In 2010, TNS published a new anthology of Haresh's plays entitled Trilogy, including the scripts and production notes of its three award-winning works, Fundamentally Happy, Good People and Gemuk Girls.

In 2011, two collections of short plays by Haresh Sharma entitled Shorts 1 and Shorts 2 were published by TNS.

The script of Those Who Can't, Teach, which was restaged as part of the 2010 Singapore Arts Festival, as well as Model Citizens, have also been published by Epigram Books.

A collection of plays entitled Plays for Schools with plays targeted at educators and students was published in late 2012.

TNS's recent collection of plays is entitled Don’t Forget to Remember Me, dealing with medical issues and launched at the Singapore Writers Festival in November 2013.

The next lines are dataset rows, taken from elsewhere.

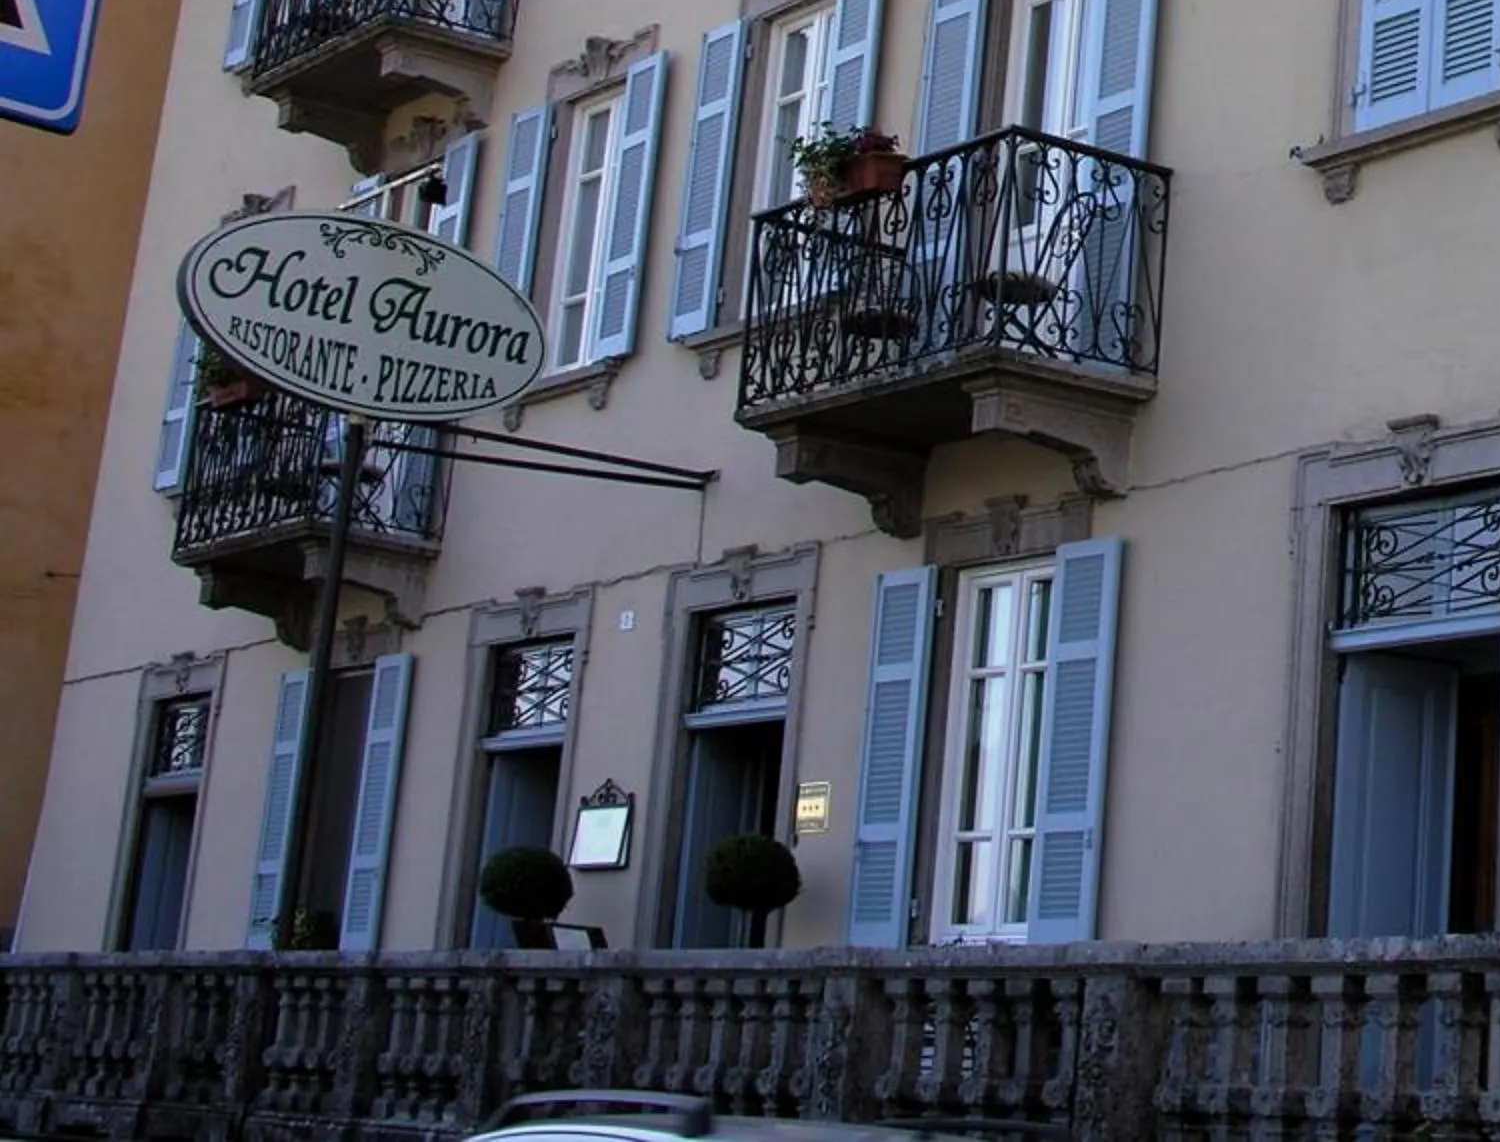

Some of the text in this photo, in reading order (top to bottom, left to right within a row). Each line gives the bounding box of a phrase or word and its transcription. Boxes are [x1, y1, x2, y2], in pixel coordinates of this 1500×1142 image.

[209, 247, 531, 364] Hotel Aurora
[228, 315, 497, 404] RISTORANTE PIZZERIA
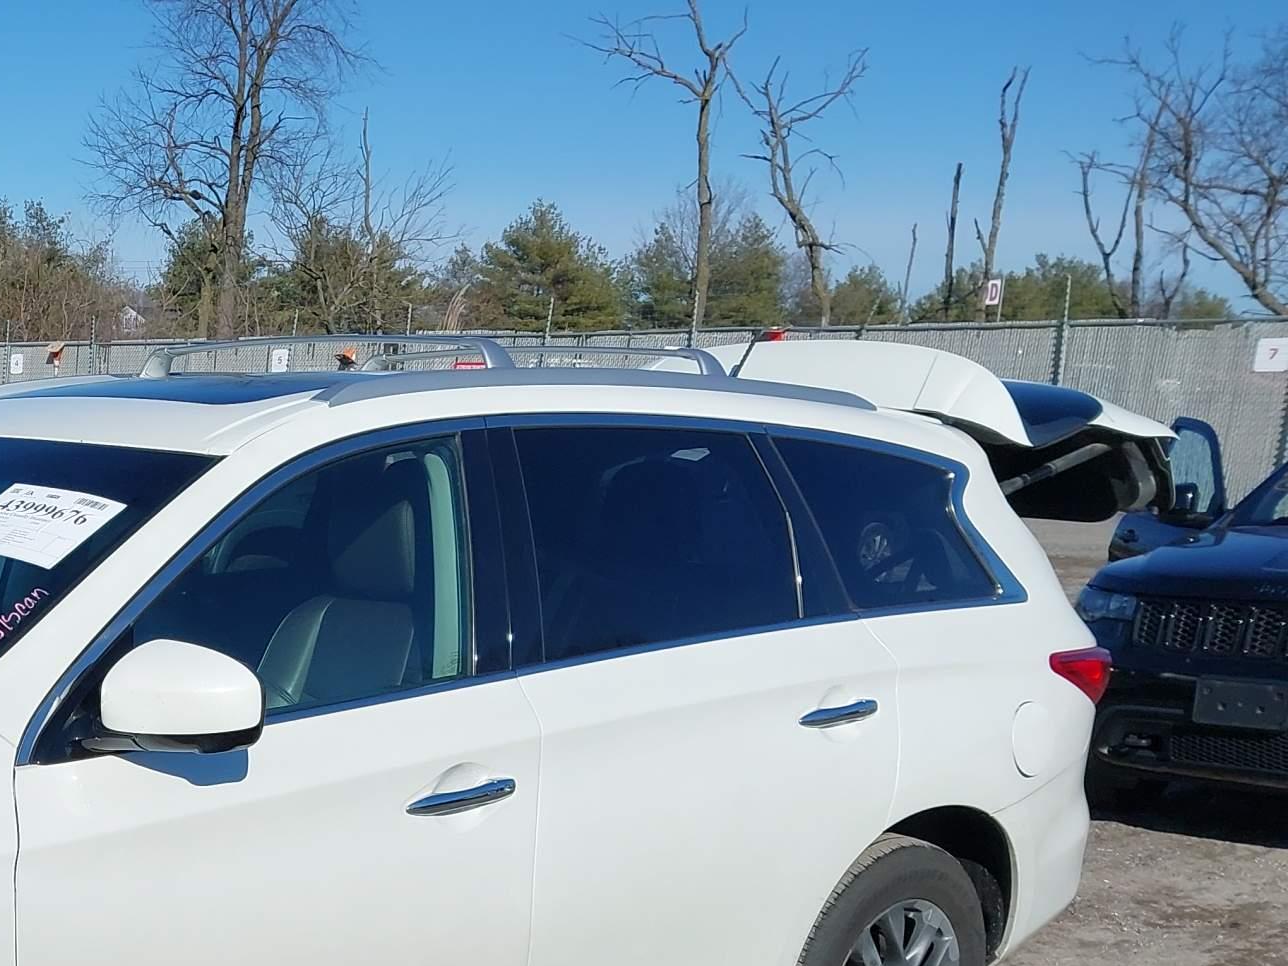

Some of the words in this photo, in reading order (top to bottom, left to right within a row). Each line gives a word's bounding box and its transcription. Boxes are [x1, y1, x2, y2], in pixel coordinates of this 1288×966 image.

[989, 283, 999, 301] D
[1269, 347, 1279, 360] 7
[0, 498, 93, 525] 43999676
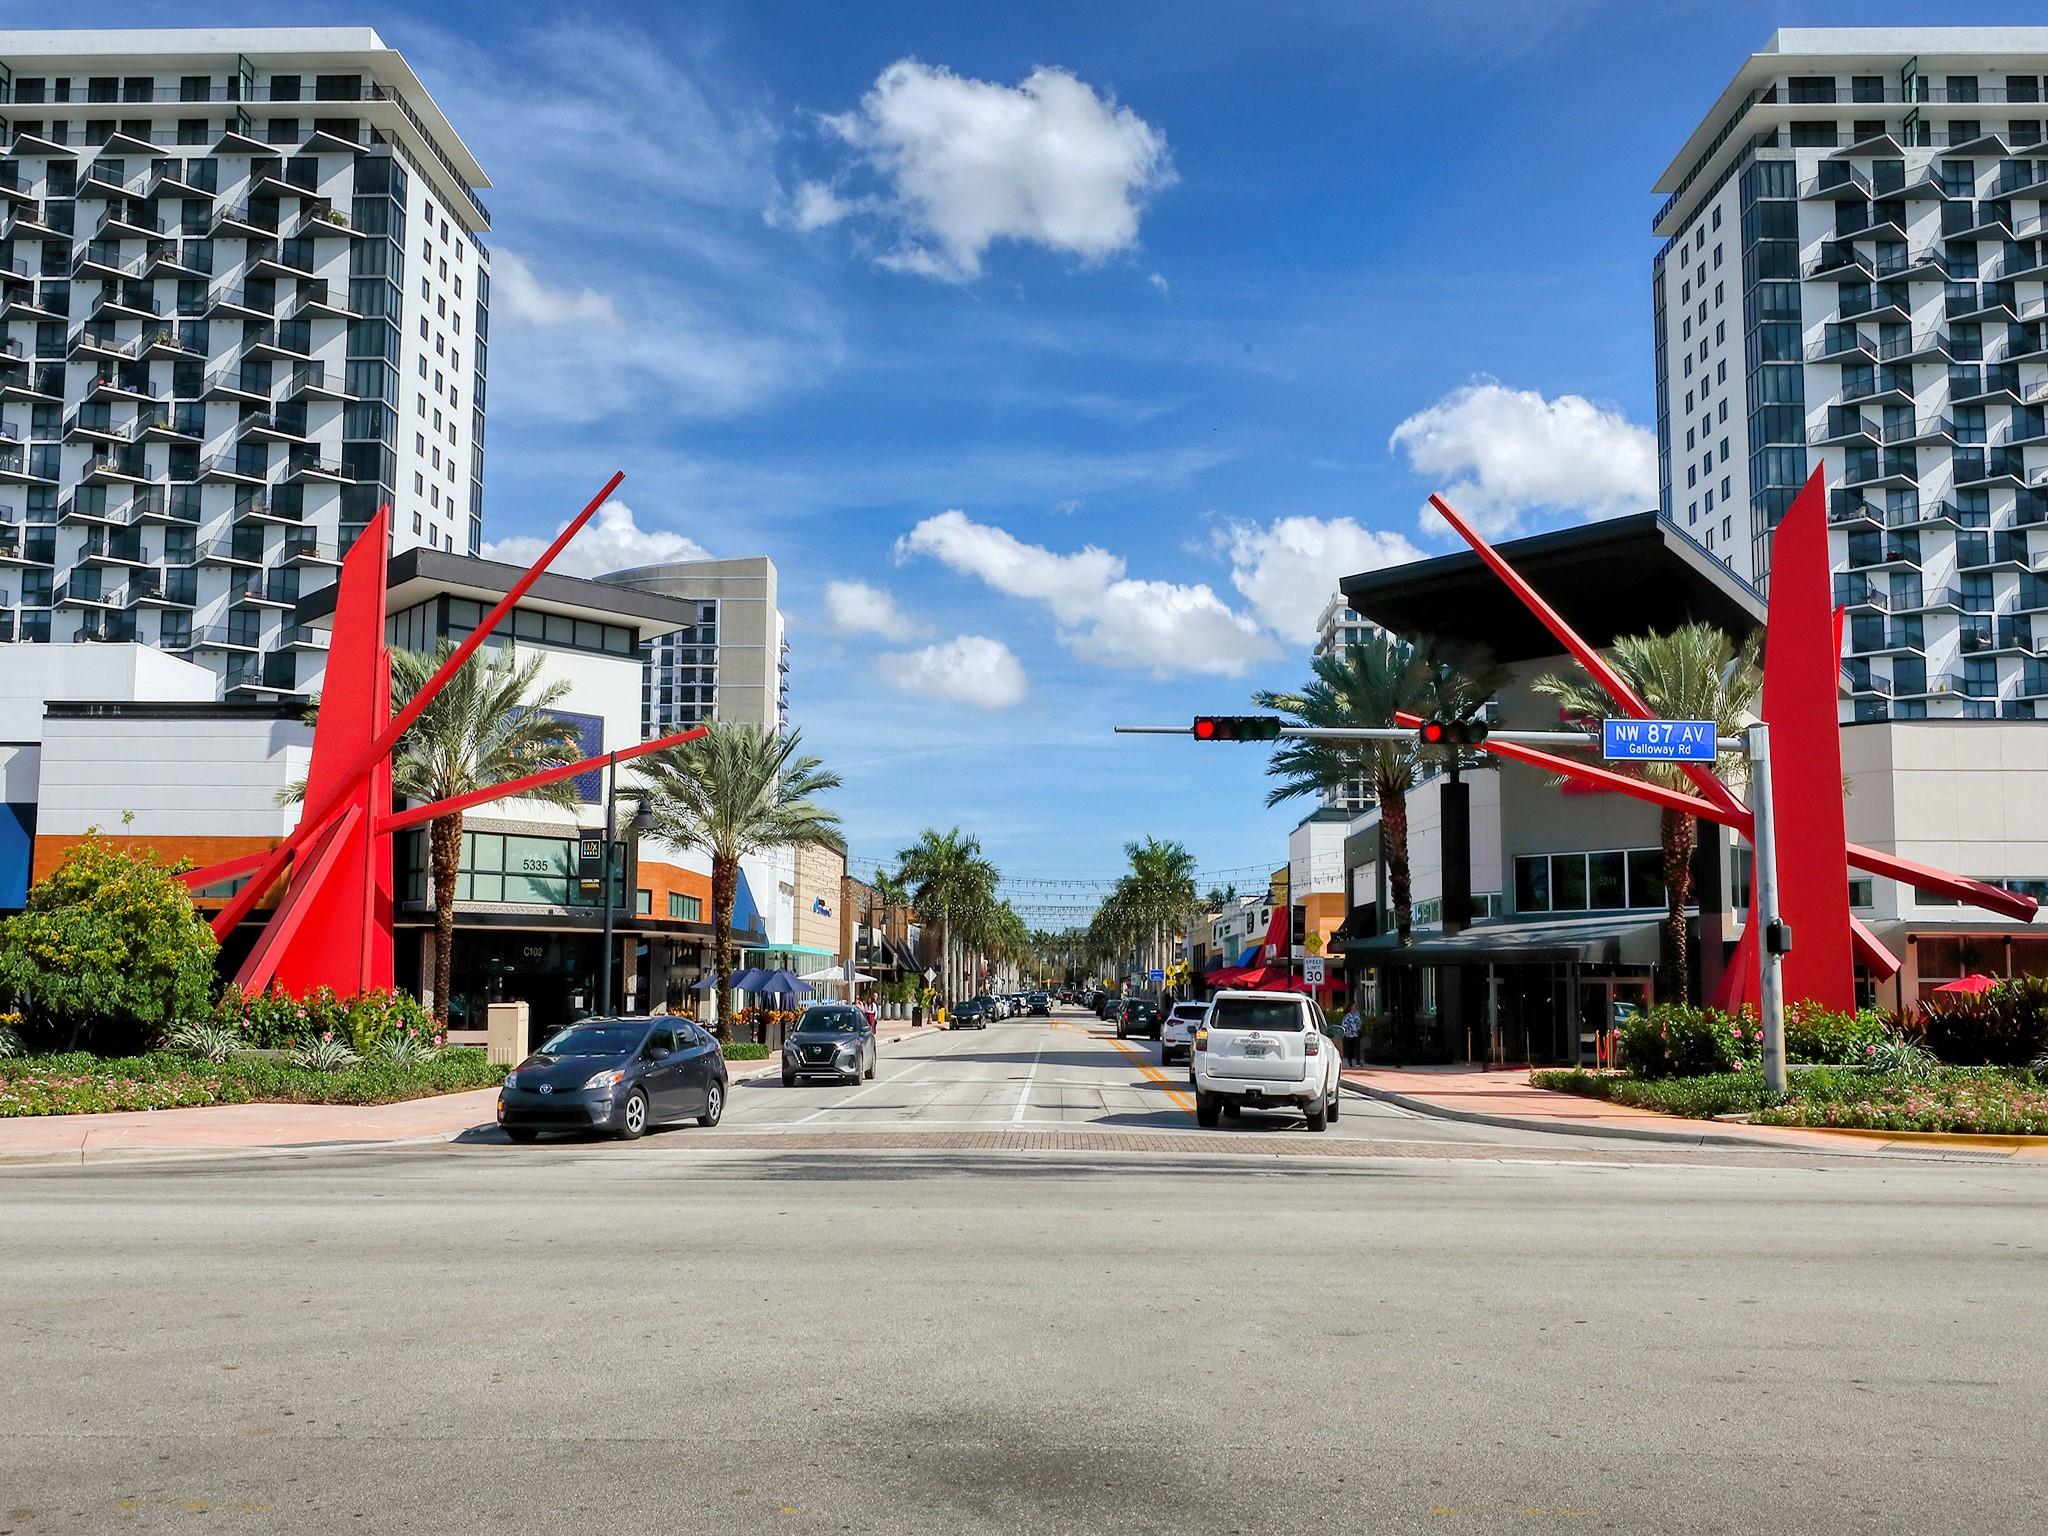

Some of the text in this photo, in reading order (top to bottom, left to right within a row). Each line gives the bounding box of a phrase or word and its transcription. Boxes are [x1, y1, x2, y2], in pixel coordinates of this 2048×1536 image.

[1615, 724, 1704, 744] NW 87 AV
[1629, 743, 1691, 756] Galloway Rd
[583, 842, 598, 851] LUX
[523, 859, 548, 871] 5335
[523, 946, 543, 957] C102
[1306, 971, 1323, 982] 30

In May 2014, TNS launched the publication Best Of. The play was staged at the M1 Singapore Fringe Festival 2014 and 2014 to rave reviews, and also received popular and critical acclaim during its runs in Penang at the Georgetown Arts Festival 2013 as well as Kuala Lumpur in 2014. Following that in the same year, another publication Eclipse was launched; this production had previously been presented in Singapore and Scotland.

==The Triangle Project==

The Triangle Project was established in 1992 to provide access to theatre for people from disadvantaged backgrounds. Under the programme, TNS connects donors with charitable organisations, with donors funding theatre tickets for beneficiaries.